Explore the Potential with AI-Driven Innovation
This extensive focused library is tailor-made using the latest virtual screening and parameter assessment technology, operated by the Receptor.AI drug discovery platform. This technique is more effective than traditional methods, offering compounds with improved activity, selectivity, and safety.
From a virtual chemical space containing more than 60 billion molecules, we precisely choose certain compounds. Our collaborator, Reaxense, aids in their synthesis and provision.
In the library, a selection of top modulators is provided, each marked with 38 ADME-Tox and 32 parameters related to physicochemical properties and drug-likeness. Also, every compound comes with its best docking poses, affinity scores, and activity scores, providing a comprehensive overview.

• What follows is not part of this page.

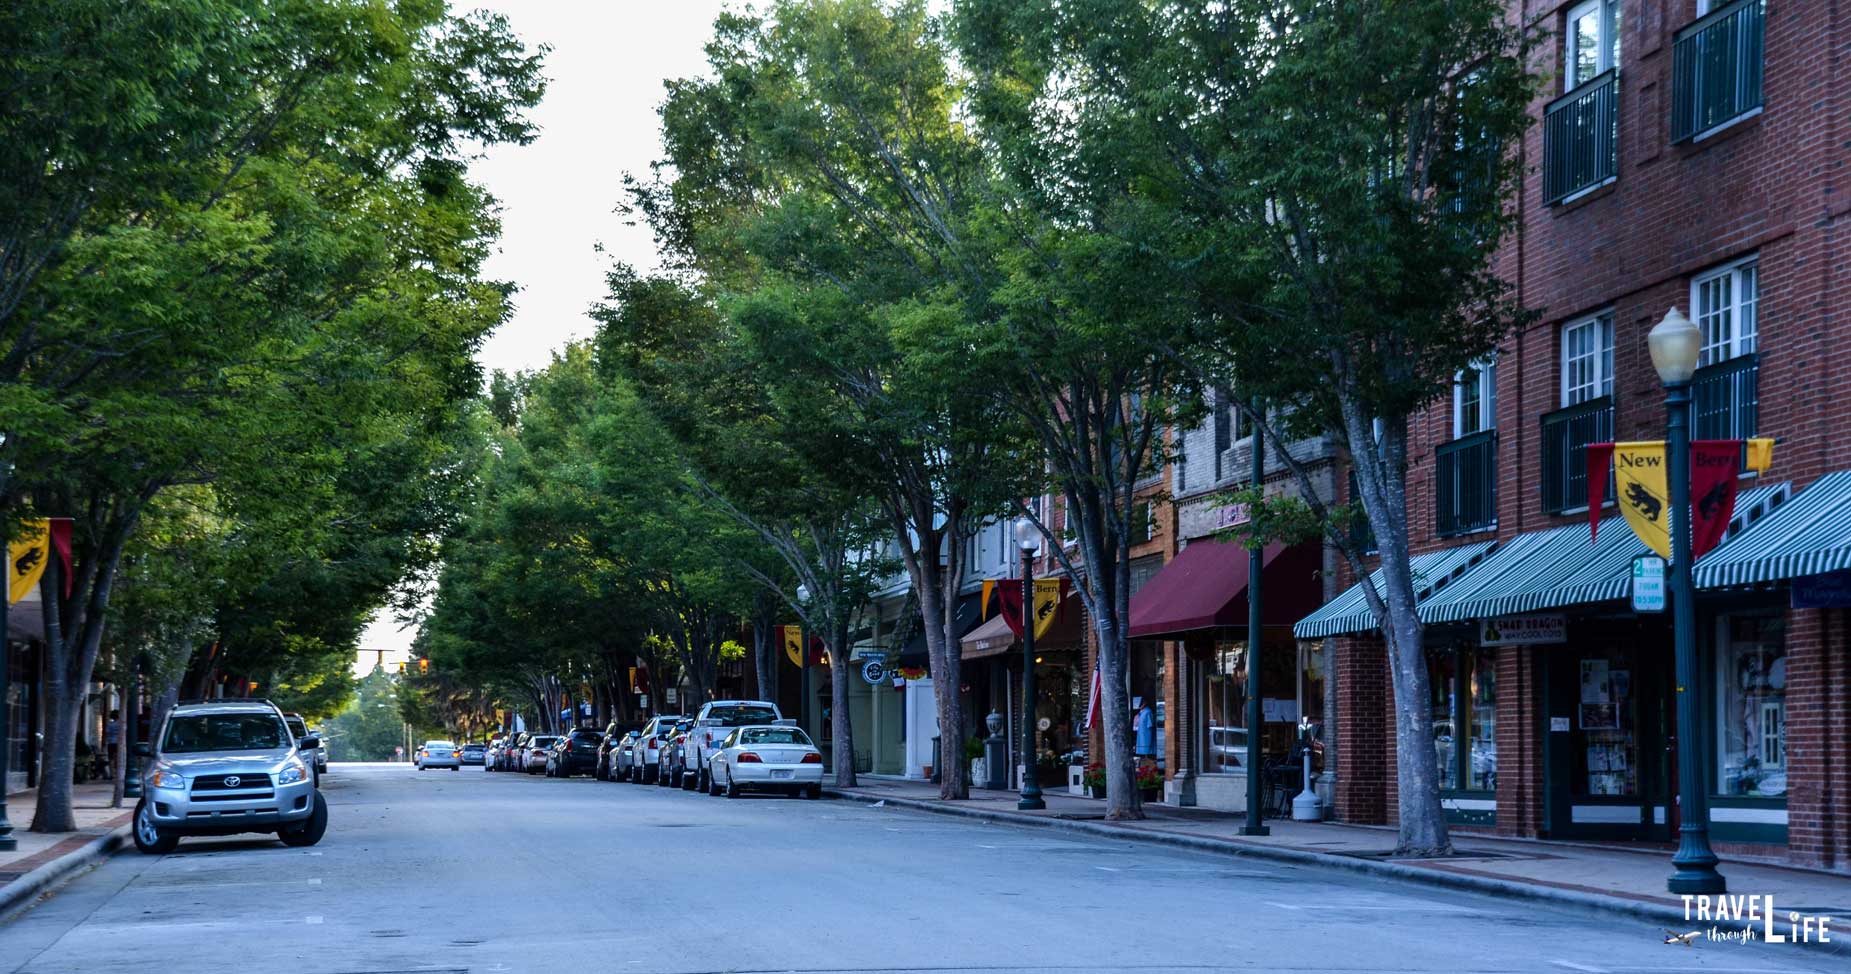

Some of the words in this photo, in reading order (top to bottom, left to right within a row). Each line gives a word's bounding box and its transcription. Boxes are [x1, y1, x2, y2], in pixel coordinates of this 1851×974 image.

We employ our advanced, specialised process to create targeted libraries.
Fig. 1. The sreening workflow of Receptor.AI
Our methodology employs molecular simulations to explore a wide array of proteins, capturing their dynamic states both individually and within complexes. Through ensemble virtual screening, we address conformational mobility, uncovering binding sites within functional regions and remote allosteric locations. This thorough exploration ensures no potential mechanism of action is overlooked, aiming to discover novel therapeutic targets and lead compounds across an extensive spectrum of biological functions.
Key features that set our library apart include:
partner
Reaxense
upacc
Q9UJY1
UPID:
HSPB8_HUMAN
Alternative names:
Alpha-crystallin C chain; E2-induced gene 1 protein; Protein kinase H11; Small stress protein-like protein HSP22
Alternative UPACC:
Q9UJY1; B2R6A6; Q6FIH3; Q9UKS3
Background:
Heat shock protein beta-8, also known as Alpha-crystallin C chain, E2-induced gene 1 protein, Protein kinase H11, and Small stress protein-like protein HSP22, is encoded by the gene with the accession number Q9UJY1. It is characterized by its temperature-dependent chaperone activity, playing a crucial role in the cellular response to stress by preventing the aggregation of misfolded proteins.
Therapeutic significance:
The protein is implicated in two significant neuromuscular disorders: Neuronopathy, distal hereditary motor, 2A, and Charcot-Marie-Tooth disease, axonal, 2L. Both conditions are linked to the degeneration of motor neurons, leading to muscle weakness and atrophy. Understanding the role of Heat shock protein beta-8 in these diseases could open doors to potential therapeutic strategies, offering hope for targeted treatments.